Word for word, and with pictures excluded, copy out all the records that follow.

┄┄┄┄┄┄┄┄┄┄

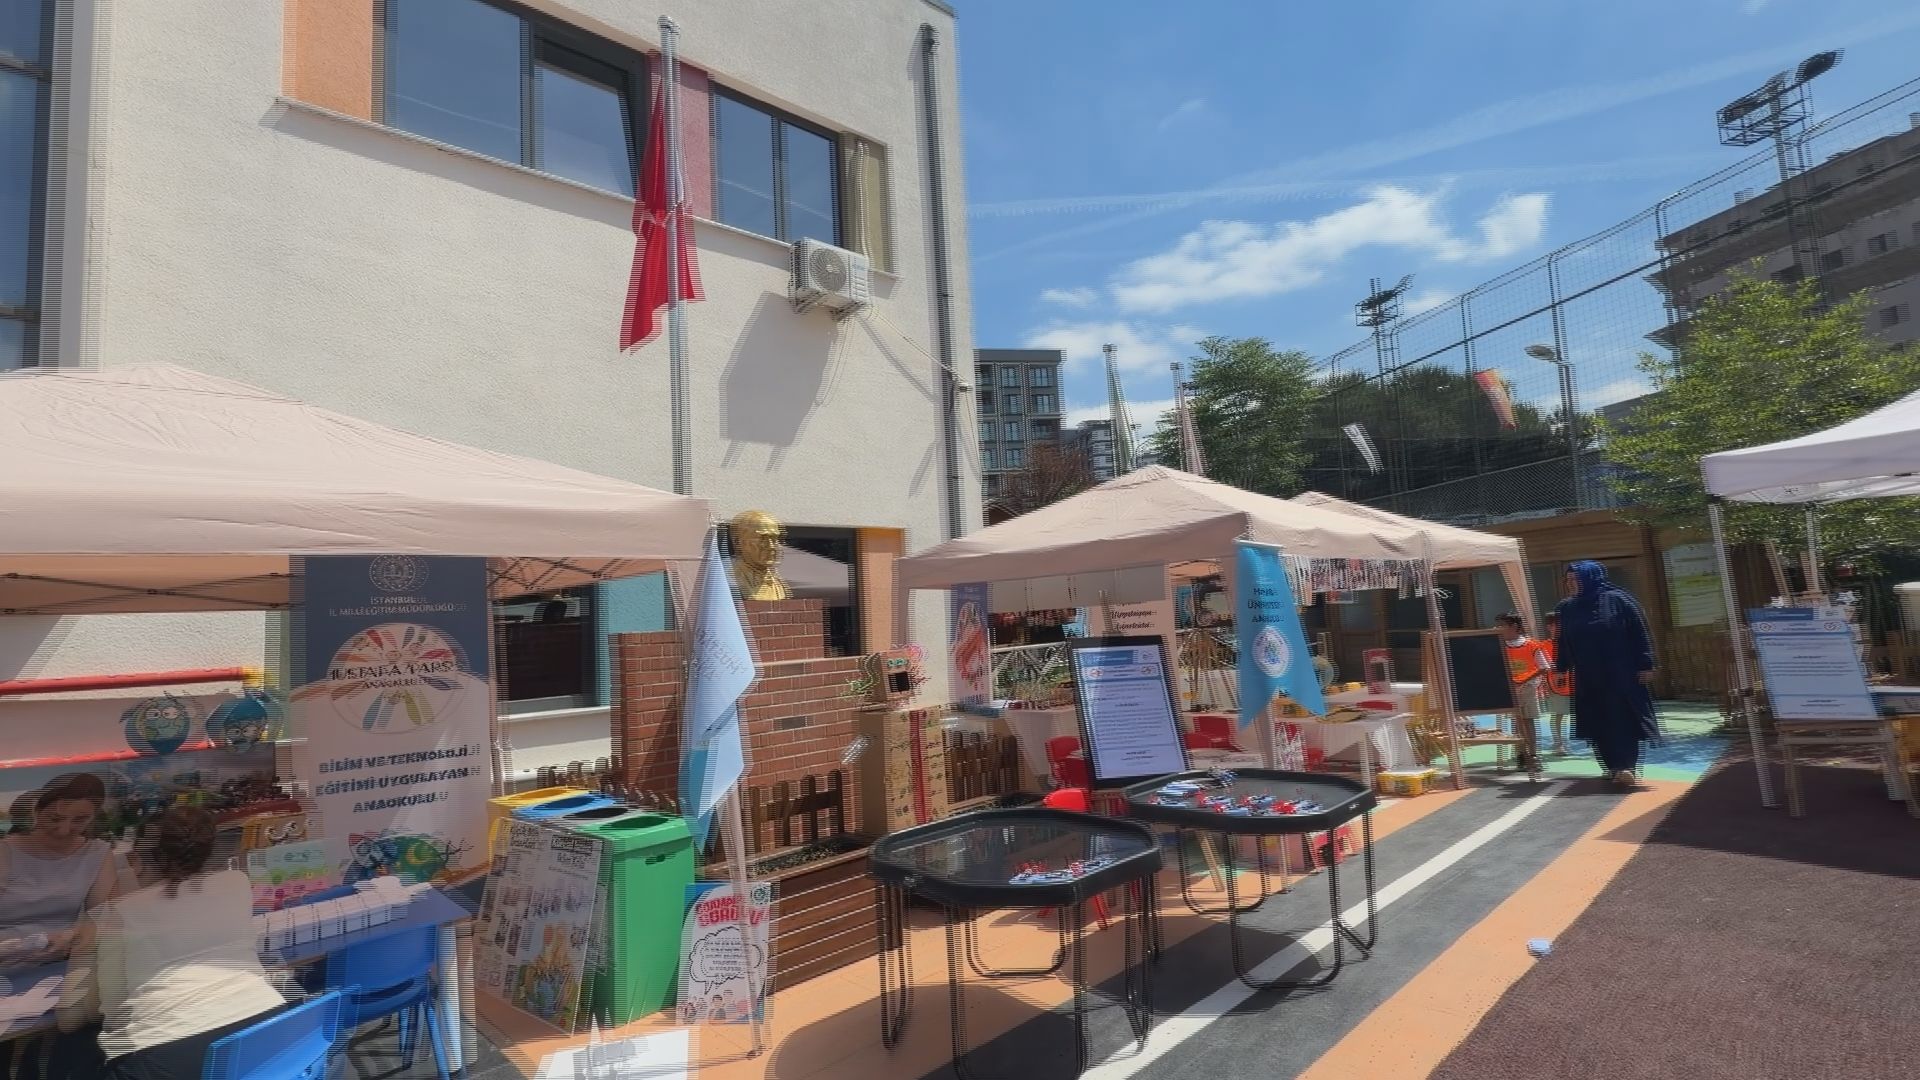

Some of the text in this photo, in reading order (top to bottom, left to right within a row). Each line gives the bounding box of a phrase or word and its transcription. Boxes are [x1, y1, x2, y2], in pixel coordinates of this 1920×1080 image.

[319, 744, 468, 774] BİLİM VE TEKNOLOJİ
[315, 767, 469, 797] EĞİTİMİ UYGULAYAN
[352, 791, 437, 814] ANAOKULU
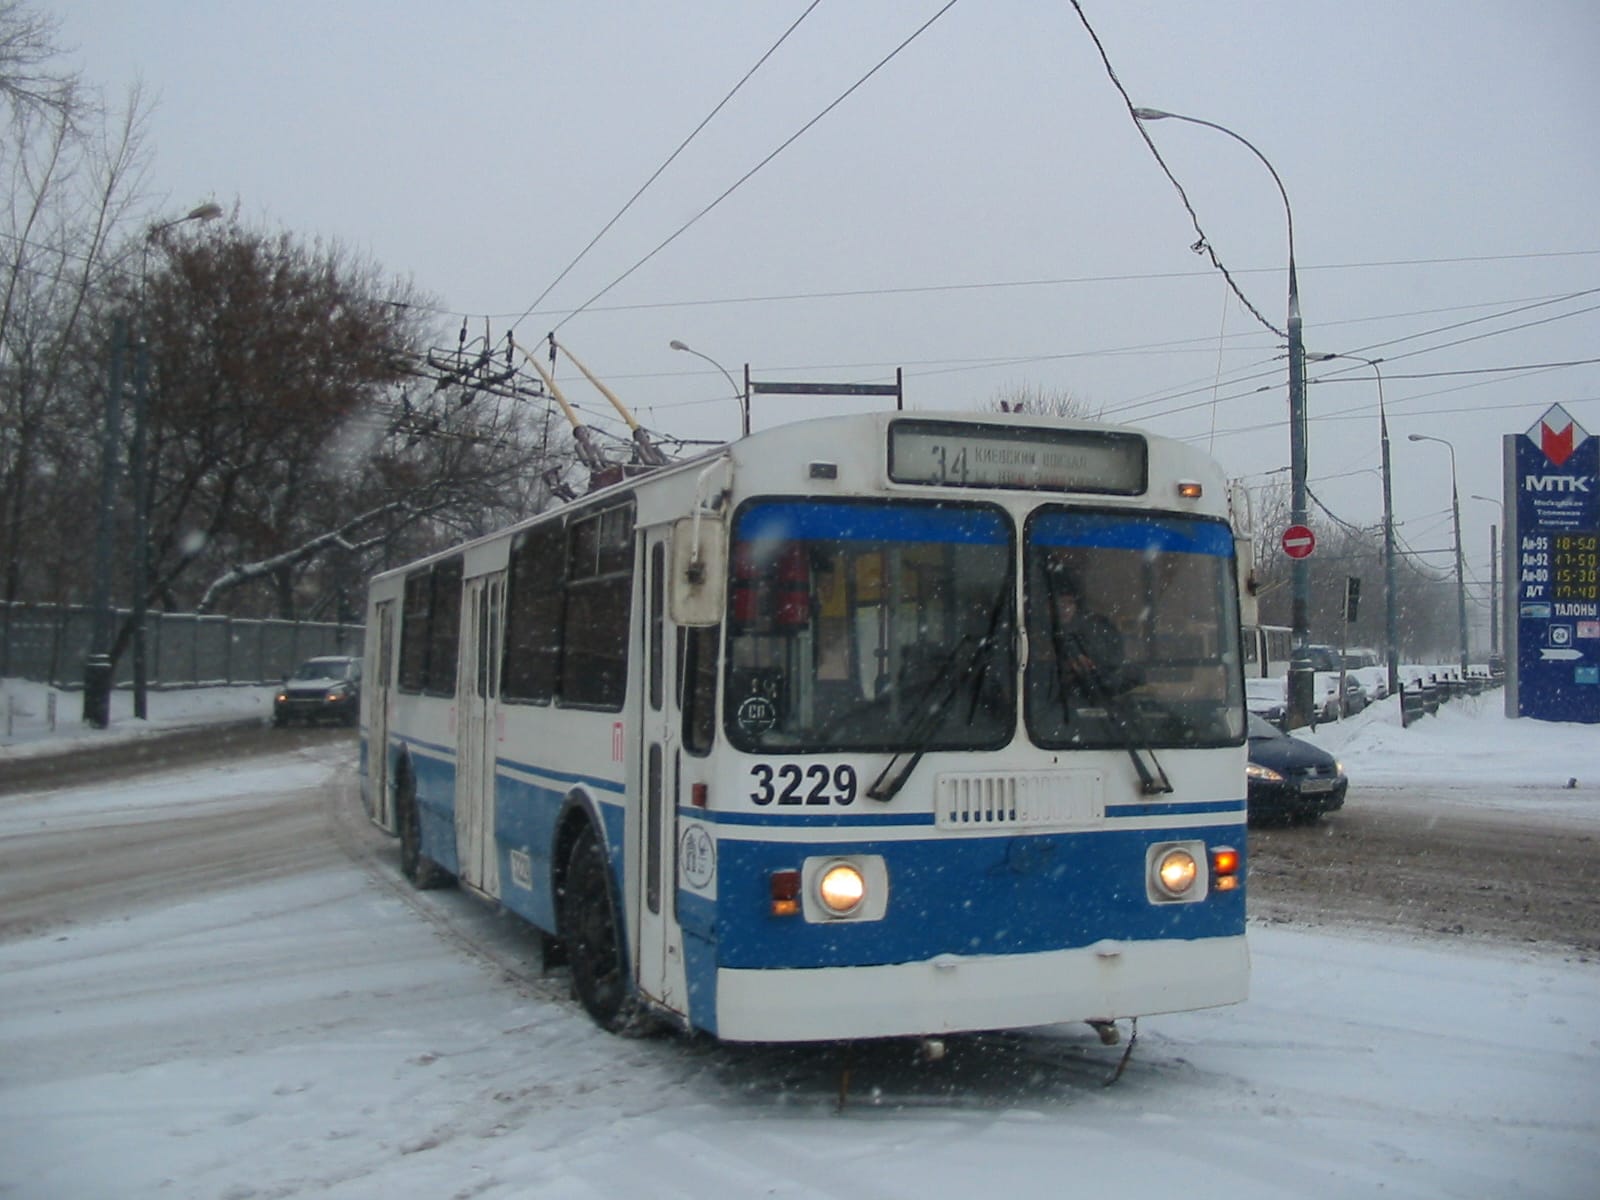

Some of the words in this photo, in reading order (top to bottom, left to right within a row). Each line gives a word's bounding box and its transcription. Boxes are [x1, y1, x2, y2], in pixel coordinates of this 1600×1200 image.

[931, 445, 969, 484] 34
[1525, 475, 1589, 492] МТК
[1554, 603, 1597, 616] ТАЛОНЫ
[750, 764, 857, 806] 3229

┄┄┄┄┄┄┄┄┄┄

■ **Answer space**:
Some of the text in this photo, in reading order (top to bottom, left to right within a row). Each line gives the bounding box of a phrase or word and its transcription. Boxes are [x1, y1, x2, y2], in pixel coordinates of this 1920×1080 image.

[319, 744, 468, 774] BİLİM VE TEKNOLOJİ
[315, 767, 469, 797] EĞİTİMİ UYGULAYAN
[352, 791, 437, 814] ANAOKULU

Some of the words in this photo, in reading order (top to bottom, left to right within a row). Each line gives a word's bounding box and its transcription. Boxes are [x1, y1, x2, y2], in pixel coordinates of this 1600×1200 image.

[931, 445, 969, 484] 34
[1525, 475, 1589, 492] МТК
[1554, 603, 1597, 616] ТАЛОНЫ
[750, 764, 857, 806] 3229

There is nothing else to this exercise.